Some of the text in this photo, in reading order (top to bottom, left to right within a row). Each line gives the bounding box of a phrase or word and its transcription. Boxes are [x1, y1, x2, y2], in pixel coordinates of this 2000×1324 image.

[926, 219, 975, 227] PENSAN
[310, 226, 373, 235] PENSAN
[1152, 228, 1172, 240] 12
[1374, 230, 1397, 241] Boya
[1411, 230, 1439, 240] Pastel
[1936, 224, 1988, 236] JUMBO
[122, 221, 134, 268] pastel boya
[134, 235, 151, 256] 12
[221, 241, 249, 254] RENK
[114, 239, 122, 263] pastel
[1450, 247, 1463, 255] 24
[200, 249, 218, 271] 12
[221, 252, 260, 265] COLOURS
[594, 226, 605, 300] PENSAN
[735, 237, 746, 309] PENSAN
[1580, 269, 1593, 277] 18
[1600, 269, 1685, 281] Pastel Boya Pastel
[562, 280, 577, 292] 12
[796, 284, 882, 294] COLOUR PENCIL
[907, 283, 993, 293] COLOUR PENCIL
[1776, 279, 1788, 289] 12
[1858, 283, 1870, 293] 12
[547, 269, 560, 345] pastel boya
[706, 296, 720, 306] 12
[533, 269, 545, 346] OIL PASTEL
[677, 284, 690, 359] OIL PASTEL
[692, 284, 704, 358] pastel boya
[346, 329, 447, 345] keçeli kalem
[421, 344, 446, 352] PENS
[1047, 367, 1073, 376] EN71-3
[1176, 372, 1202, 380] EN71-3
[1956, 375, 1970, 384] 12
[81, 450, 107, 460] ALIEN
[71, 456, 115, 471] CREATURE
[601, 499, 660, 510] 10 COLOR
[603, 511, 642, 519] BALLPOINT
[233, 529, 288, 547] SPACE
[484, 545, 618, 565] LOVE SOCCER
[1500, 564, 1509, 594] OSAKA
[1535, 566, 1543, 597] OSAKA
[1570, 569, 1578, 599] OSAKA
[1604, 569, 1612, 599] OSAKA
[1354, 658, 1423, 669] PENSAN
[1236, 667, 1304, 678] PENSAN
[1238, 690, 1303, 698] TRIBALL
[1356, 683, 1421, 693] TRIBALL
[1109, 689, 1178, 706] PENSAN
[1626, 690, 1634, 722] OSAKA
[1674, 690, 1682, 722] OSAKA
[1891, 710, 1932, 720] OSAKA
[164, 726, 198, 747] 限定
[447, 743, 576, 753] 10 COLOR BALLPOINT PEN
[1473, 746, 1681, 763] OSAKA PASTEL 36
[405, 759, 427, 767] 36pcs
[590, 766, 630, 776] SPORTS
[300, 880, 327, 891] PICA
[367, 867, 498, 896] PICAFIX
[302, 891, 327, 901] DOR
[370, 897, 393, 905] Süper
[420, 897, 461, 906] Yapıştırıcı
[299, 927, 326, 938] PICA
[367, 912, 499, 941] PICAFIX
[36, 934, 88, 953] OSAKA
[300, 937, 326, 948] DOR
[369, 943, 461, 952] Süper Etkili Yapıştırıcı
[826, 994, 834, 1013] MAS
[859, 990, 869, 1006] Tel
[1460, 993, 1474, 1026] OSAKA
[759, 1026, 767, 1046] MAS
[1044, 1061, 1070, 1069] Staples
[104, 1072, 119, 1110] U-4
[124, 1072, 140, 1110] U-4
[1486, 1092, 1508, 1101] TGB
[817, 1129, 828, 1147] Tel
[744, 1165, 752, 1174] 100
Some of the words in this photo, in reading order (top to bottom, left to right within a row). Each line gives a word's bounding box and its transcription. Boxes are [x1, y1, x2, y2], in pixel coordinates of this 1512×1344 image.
———
Try it: Once more, write out all the data above exactly as given.

Answer box:
Some of the text in this photo, in reading order (top to bottom, left to right within a row). Each line gives the bounding box of a phrase or word and its transcription. Boxes are [x1, y1, x2, y2], in pixel coordinates of this 2000×1324 image.

[926, 219, 975, 227] PENSAN
[310, 226, 373, 235] PENSAN
[1152, 228, 1172, 240] 12
[1374, 230, 1397, 241] Boya
[1411, 230, 1439, 240] Pastel
[1936, 224, 1988, 236] JUMBO
[122, 221, 134, 268] pastel boya
[134, 235, 151, 256] 12
[221, 241, 249, 254] RENK
[114, 239, 122, 263] pastel
[1450, 247, 1463, 255] 24
[200, 249, 218, 271] 12
[221, 252, 260, 265] COLOURS
[594, 226, 605, 300] PENSAN
[735, 237, 746, 309] PENSAN
[1580, 269, 1593, 277] 18
[1600, 269, 1685, 281] Pastel Boya Pastel
[562, 280, 577, 292] 12
[796, 284, 882, 294] COLOUR PENCIL
[907, 283, 993, 293] COLOUR PENCIL
[1776, 279, 1788, 289] 12
[1858, 283, 1870, 293] 12
[547, 269, 560, 345] pastel boya
[706, 296, 720, 306] 12
[533, 269, 545, 346] OIL PASTEL
[677, 284, 690, 359] OIL PASTEL
[692, 284, 704, 358] pastel boya
[346, 329, 447, 345] keçeli kalem
[421, 344, 446, 352] PENS
[1047, 367, 1073, 376] EN71-3
[1176, 372, 1202, 380] EN71-3
[1956, 375, 1970, 384] 12
[81, 450, 107, 460] ALIEN
[71, 456, 115, 471] CREATURE
[601, 499, 660, 510] 10 COLOR
[603, 511, 642, 519] BALLPOINT
[233, 529, 288, 547] SPACE
[484, 545, 618, 565] LOVE SOCCER
[1500, 564, 1509, 594] OSAKA
[1535, 566, 1543, 597] OSAKA
[1570, 569, 1578, 599] OSAKA
[1604, 569, 1612, 599] OSAKA
[1354, 658, 1423, 669] PENSAN
[1236, 667, 1304, 678] PENSAN
[1238, 690, 1303, 698] TRIBALL
[1356, 683, 1421, 693] TRIBALL
[1109, 689, 1178, 706] PENSAN
[1626, 690, 1634, 722] OSAKA
[1674, 690, 1682, 722] OSAKA
[1891, 710, 1932, 720] OSAKA
[164, 726, 198, 747] 限定
[447, 743, 576, 753] 10 COLOR BALLPOINT PEN
[1473, 746, 1681, 763] OSAKA PASTEL 36
[405, 759, 427, 767] 36pcs
[590, 766, 630, 776] SPORTS
[300, 880, 327, 891] PICA
[367, 867, 498, 896] PICAFIX
[302, 891, 327, 901] DOR
[370, 897, 393, 905] Süper
[420, 897, 461, 906] Yapıştırıcı
[299, 927, 326, 938] PICA
[367, 912, 499, 941] PICAFIX
[36, 934, 88, 953] OSAKA
[300, 937, 326, 948] DOR
[369, 943, 461, 952] Süper Etkili Yapıştırıcı
[826, 994, 834, 1013] MAS
[859, 990, 869, 1006] Tel
[1460, 993, 1474, 1026] OSAKA
[759, 1026, 767, 1046] MAS
[1044, 1061, 1070, 1069] Staples
[104, 1072, 119, 1110] U-4
[124, 1072, 140, 1110] U-4
[1486, 1092, 1508, 1101] TGB
[817, 1129, 828, 1147] Tel
[744, 1165, 752, 1174] 100
Some of the words in this photo, in reading order (top to bottom, left to right within a row). Each line gives a word's bounding box and its transcription. Boxes are [x1, y1, x2, y2], in pixel coordinates of this 1512×1344 image.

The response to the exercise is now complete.